Would you mind restating all of the records word for word, skipping the pictures?

- _GIVEN ENTRIES_:
■ ■ ■ ■ ■ ■ ■

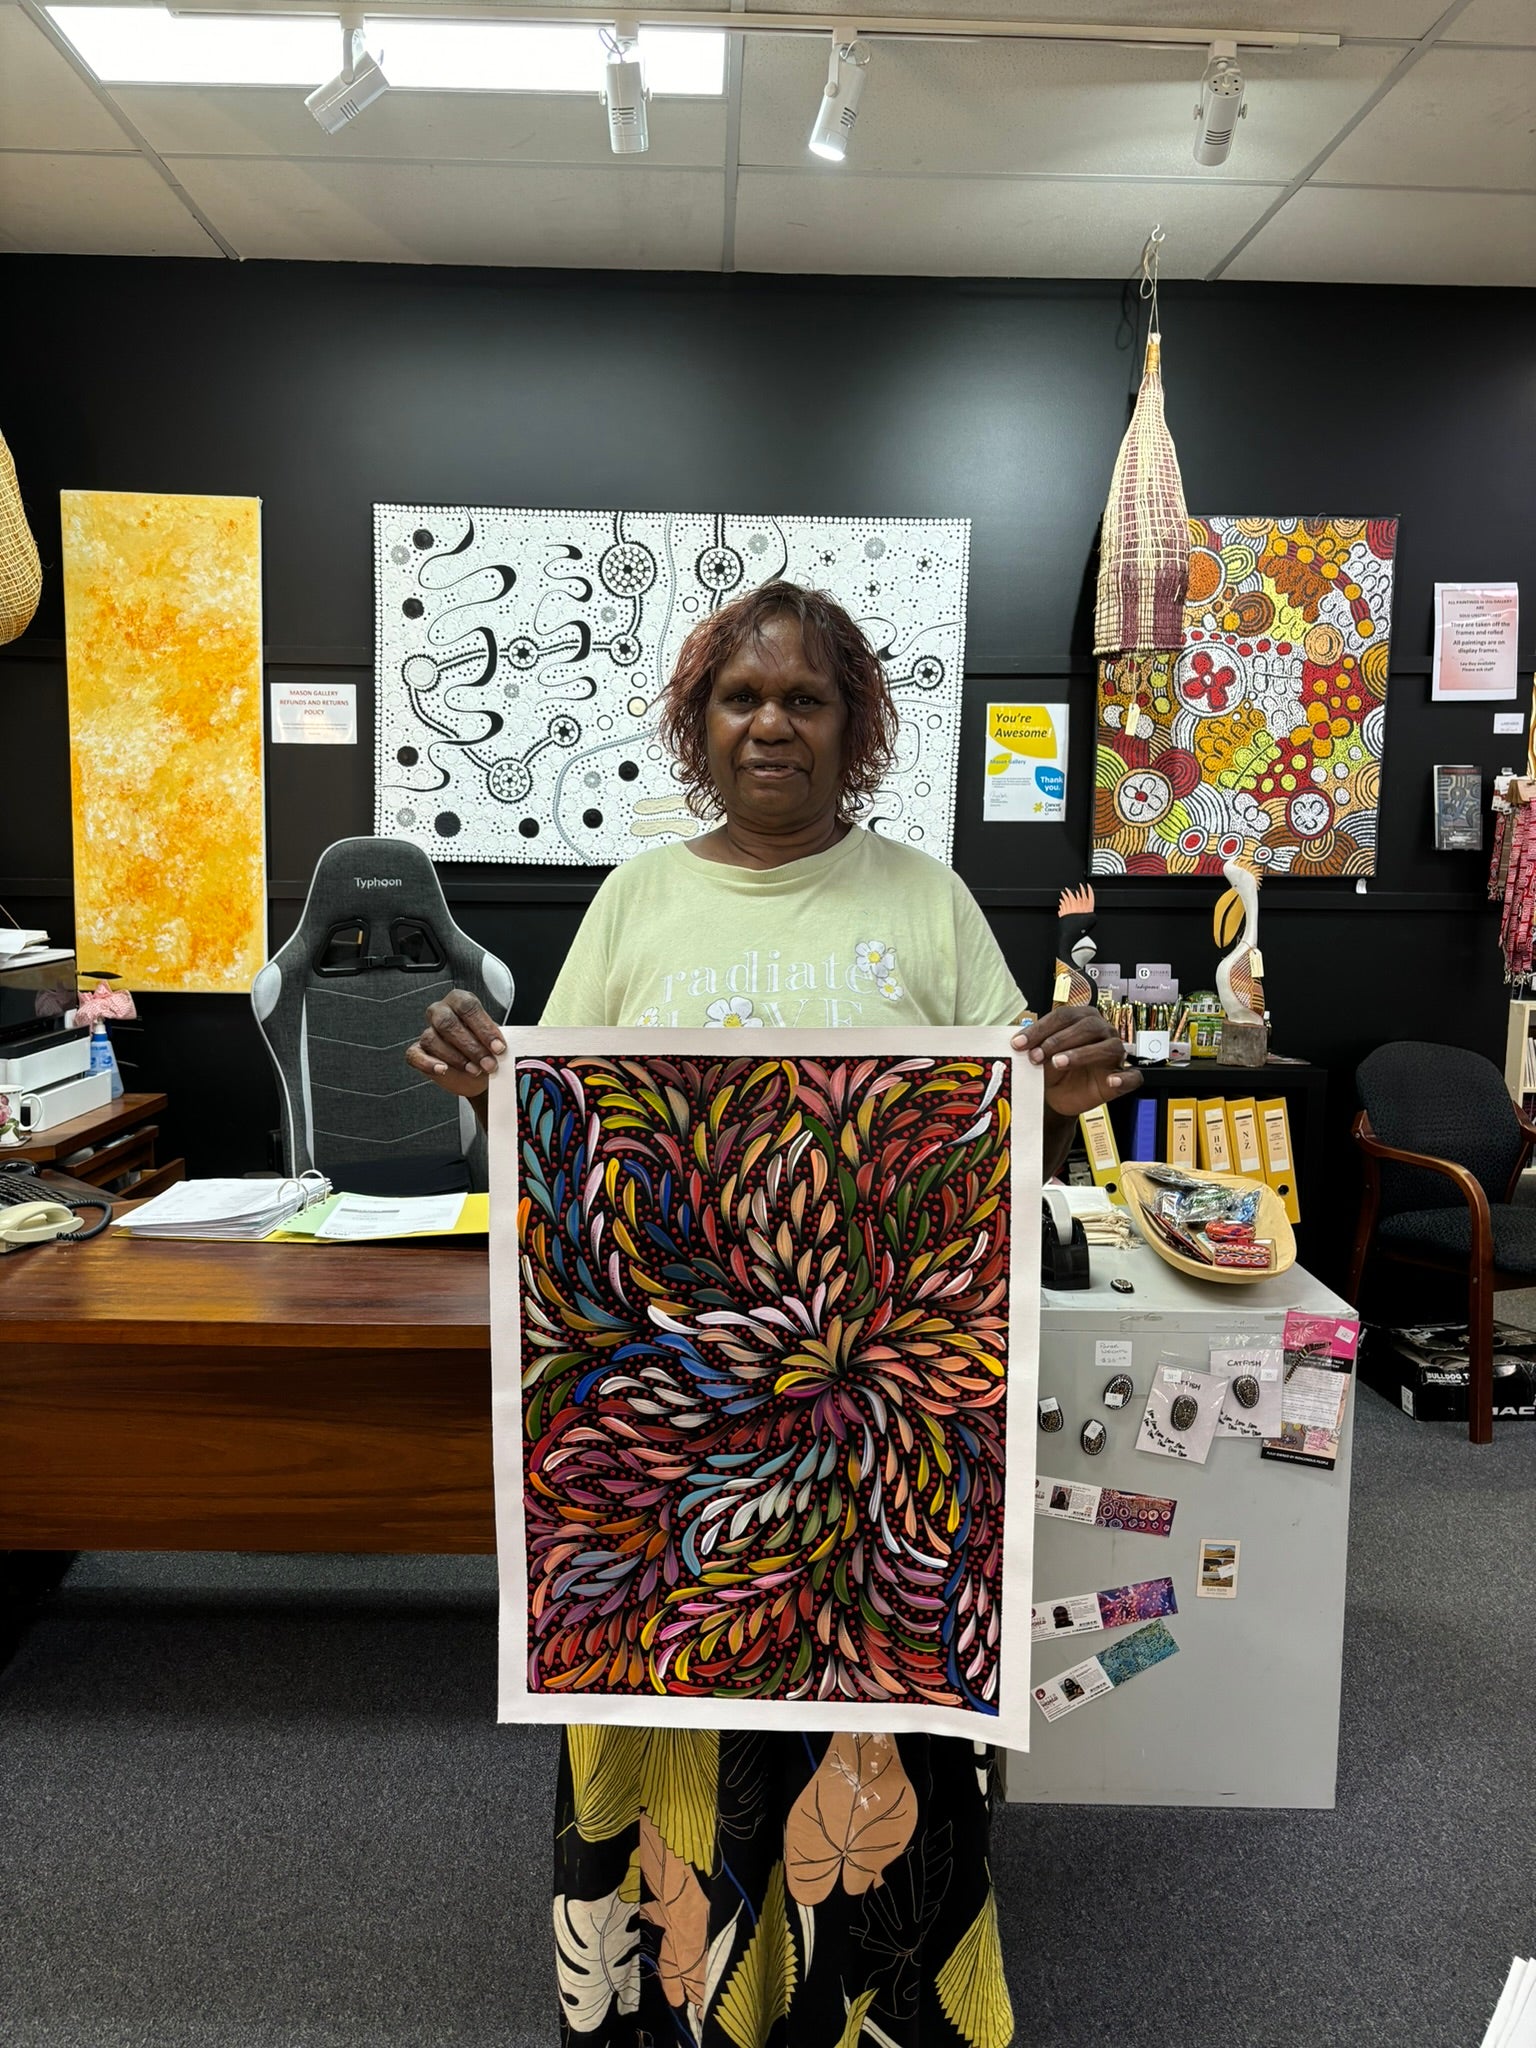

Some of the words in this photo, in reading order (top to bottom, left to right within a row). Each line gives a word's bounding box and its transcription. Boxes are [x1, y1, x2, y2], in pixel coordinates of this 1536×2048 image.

[996, 713, 1032, 723] You’re
[995, 728, 1052, 738] Awesome!
[353, 876, 402, 889] Typhoon
[660, 950, 874, 1003] radiate
[1243, 1130, 1249, 1138] N
[1245, 1142, 1251, 1150] Z
[1227, 1359, 1262, 1367] CATFISH
[1426, 1372, 1462, 1380] BULLDOG

■ ■ ■ ■ ■ ■ ■

- _EXERCISE OUTPUT_:
Some of the words in this photo, in reading order (top to bottom, left to right within a row). Each line gives a word's bounding box and its transcription. Boxes are [x1, y1, x2, y2], in pixel coordinates of this 1536×2048 image.

[996, 713, 1032, 723] You’re
[995, 728, 1052, 738] Awesome!
[353, 876, 402, 889] Typhoon
[660, 950, 874, 1003] radiate
[1243, 1130, 1249, 1138] N
[1245, 1142, 1251, 1150] Z
[1227, 1359, 1262, 1367] CATFISH
[1426, 1372, 1462, 1380] BULLDOG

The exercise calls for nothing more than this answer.